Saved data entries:
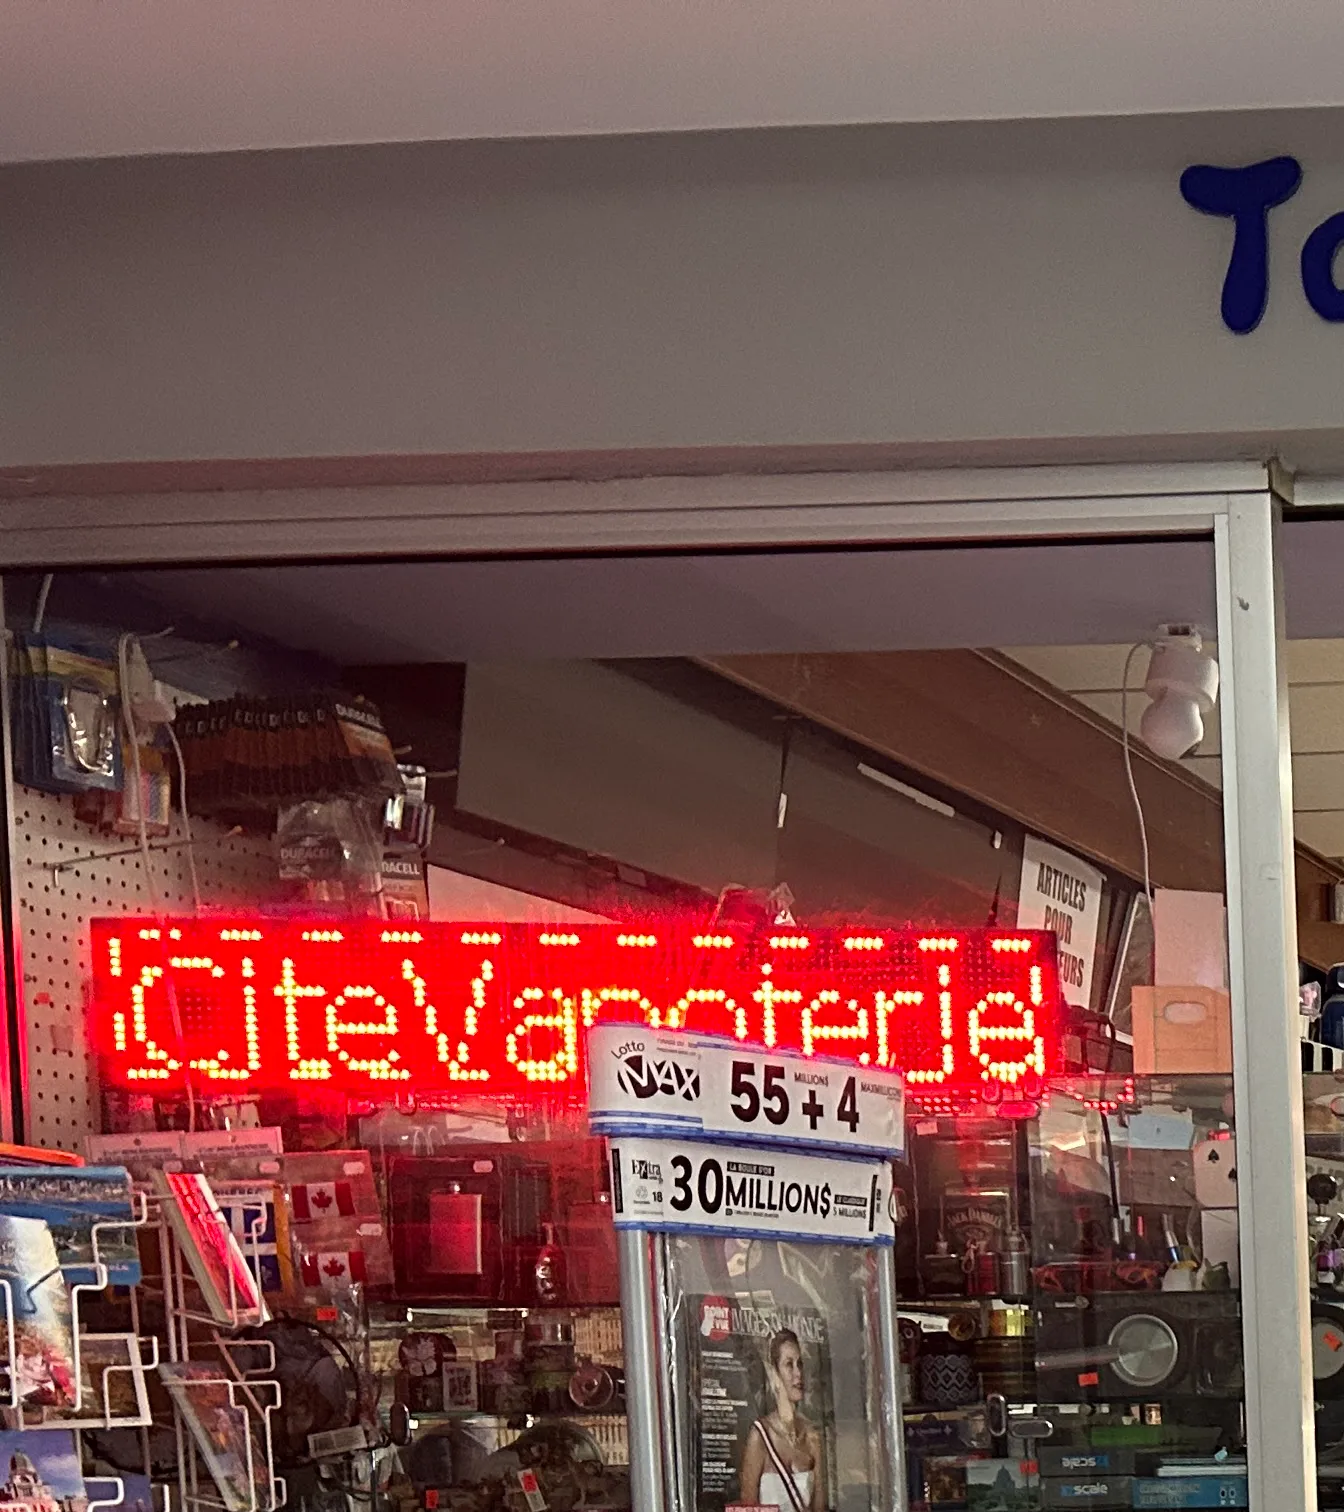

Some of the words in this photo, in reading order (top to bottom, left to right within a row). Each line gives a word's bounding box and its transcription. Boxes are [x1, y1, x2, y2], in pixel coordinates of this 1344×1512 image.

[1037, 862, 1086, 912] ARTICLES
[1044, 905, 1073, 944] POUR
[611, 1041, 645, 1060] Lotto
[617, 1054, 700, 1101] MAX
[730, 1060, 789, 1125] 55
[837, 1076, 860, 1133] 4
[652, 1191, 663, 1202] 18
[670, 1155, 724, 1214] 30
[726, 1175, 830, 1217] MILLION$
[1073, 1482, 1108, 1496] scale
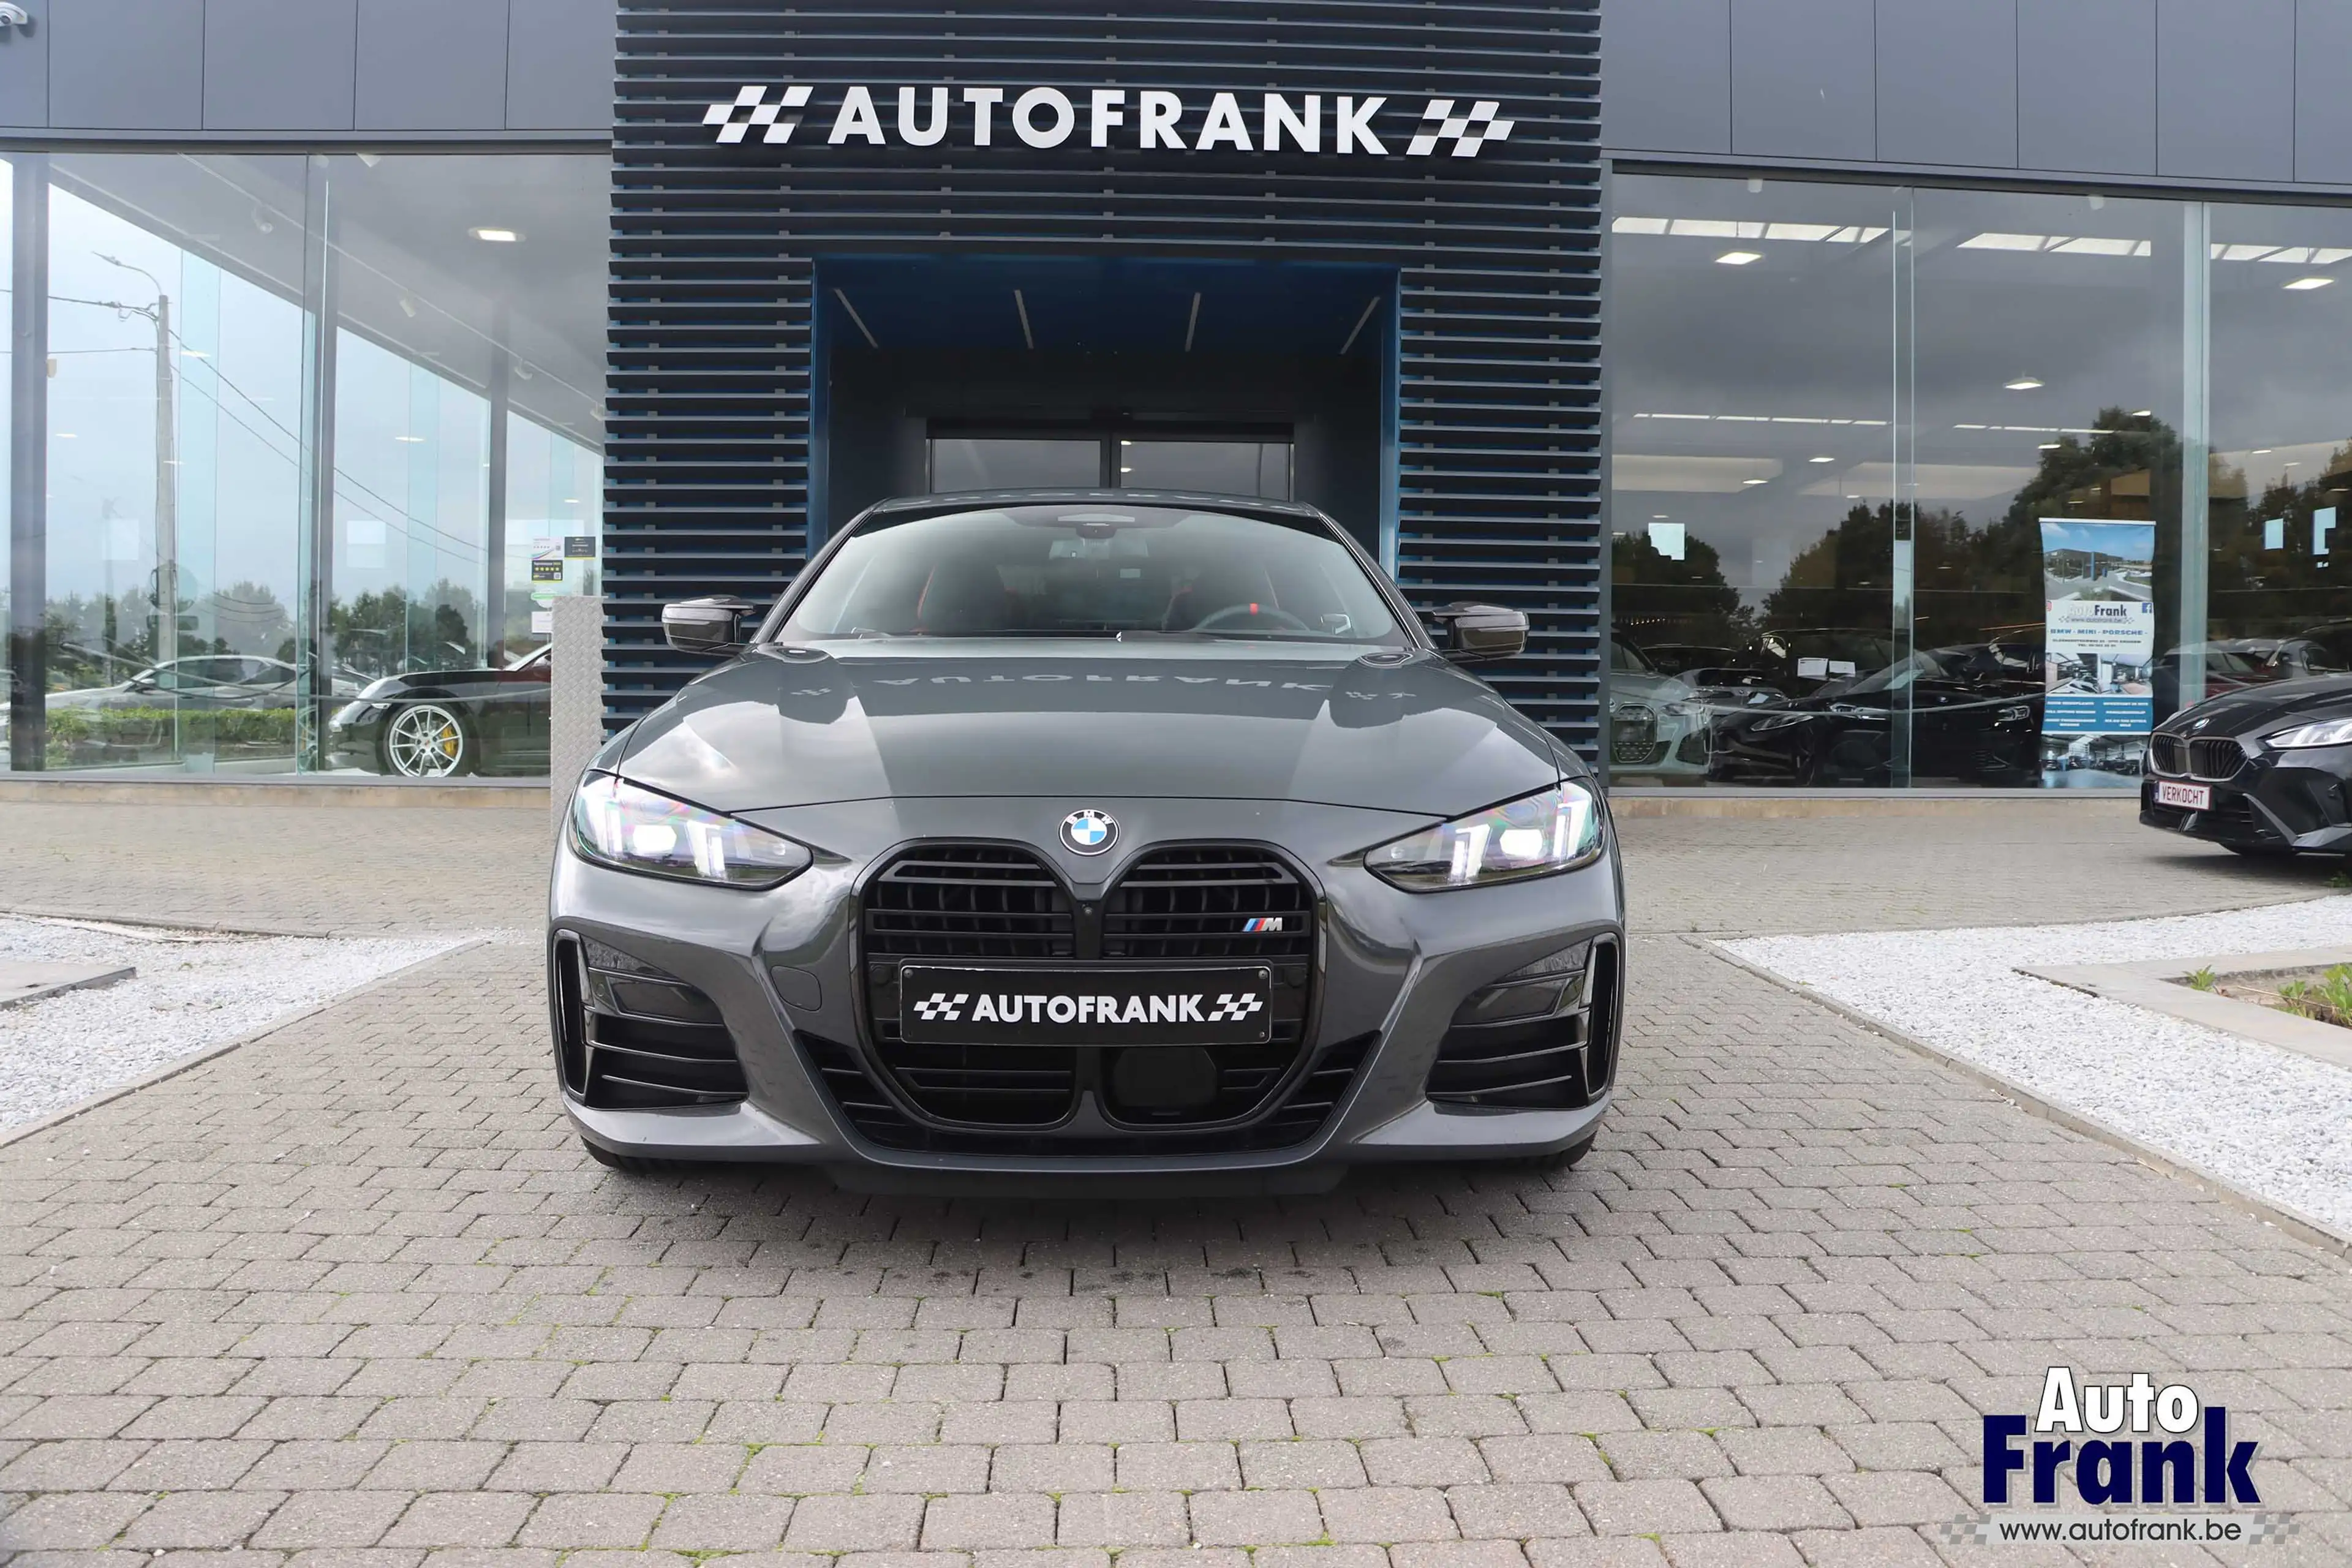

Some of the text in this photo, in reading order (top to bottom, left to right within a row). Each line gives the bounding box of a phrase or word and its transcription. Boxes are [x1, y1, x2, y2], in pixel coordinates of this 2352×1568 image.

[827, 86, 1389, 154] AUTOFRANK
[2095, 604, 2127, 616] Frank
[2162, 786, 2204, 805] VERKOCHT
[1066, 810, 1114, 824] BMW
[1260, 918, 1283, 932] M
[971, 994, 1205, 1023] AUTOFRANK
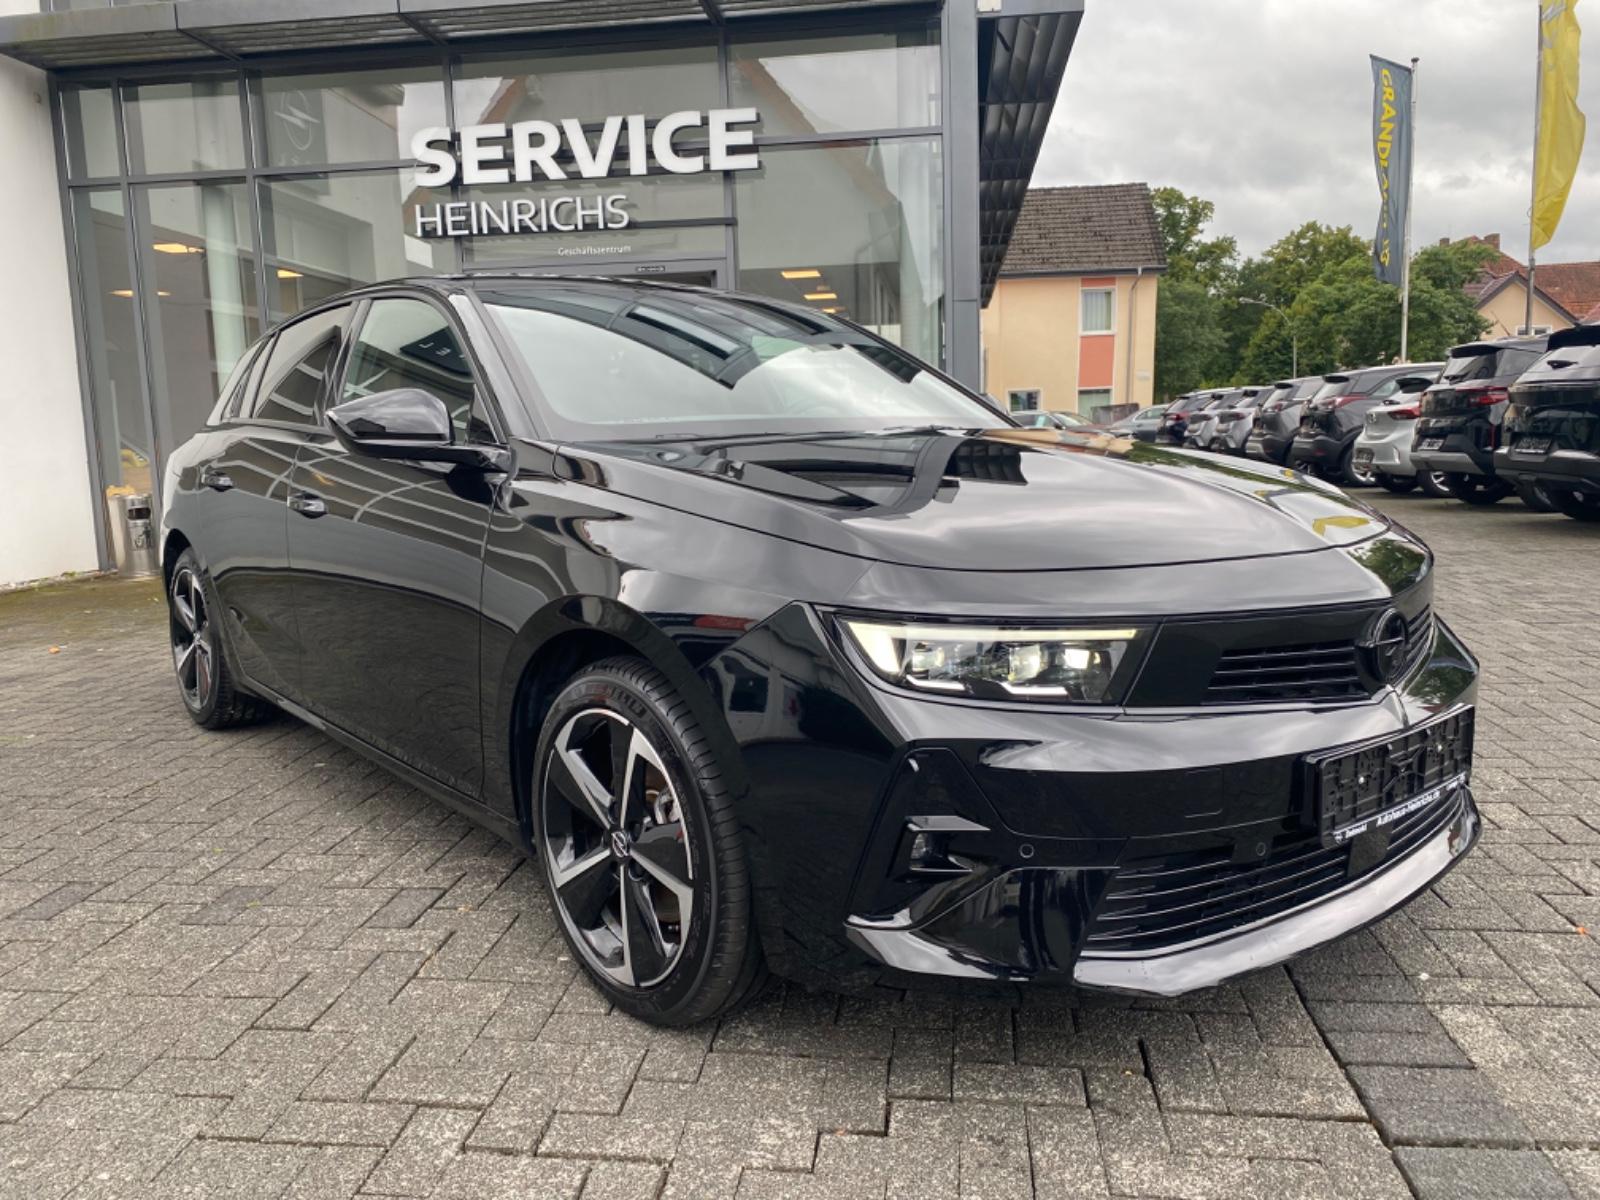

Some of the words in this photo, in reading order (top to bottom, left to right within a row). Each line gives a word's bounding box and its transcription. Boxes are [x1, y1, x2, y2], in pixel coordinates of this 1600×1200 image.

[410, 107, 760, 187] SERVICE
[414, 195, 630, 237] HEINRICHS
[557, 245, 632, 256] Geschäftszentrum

**Directions**
Output each record verbatim and leave out its pictures.

**Task result**
Some of the words in this photo, in reading order (top to bottom, left to right within a row). Each line gives a word's bounding box and its transcription. Boxes are [x1, y1, x2, y2], in pixel coordinates of this 1344×1512 image.

[1037, 862, 1086, 912] ARTICLES
[1044, 905, 1073, 944] POUR
[611, 1041, 645, 1060] Lotto
[617, 1054, 700, 1101] MAX
[730, 1060, 789, 1125] 55
[837, 1076, 860, 1133] 4
[652, 1191, 663, 1202] 18
[670, 1155, 724, 1214] 30
[726, 1175, 830, 1217] MILLION$
[1073, 1482, 1108, 1496] scale

Some of the text in this photo, in reading order (top to bottom, left to right within a row). Each line gives the bounding box of a phrase or word and its transcription. Boxes are [x1, y1, x2, y2], in pixel coordinates of this 2352×1568 image.

[827, 86, 1389, 154] AUTOFRANK
[2095, 604, 2127, 616] Frank
[2162, 786, 2204, 805] VERKOCHT
[1066, 810, 1114, 824] BMW
[1260, 918, 1283, 932] M
[971, 994, 1205, 1023] AUTOFRANK

Some of the words in this photo, in reading order (top to bottom, left to right within a row). Each line gives a word's bounding box and its transcription. Boxes are [x1, y1, x2, y2], in pixel coordinates of this 1600×1200 image.

[410, 107, 760, 187] SERVICE
[414, 195, 630, 237] HEINRICHS
[557, 245, 632, 256] Geschäftszentrum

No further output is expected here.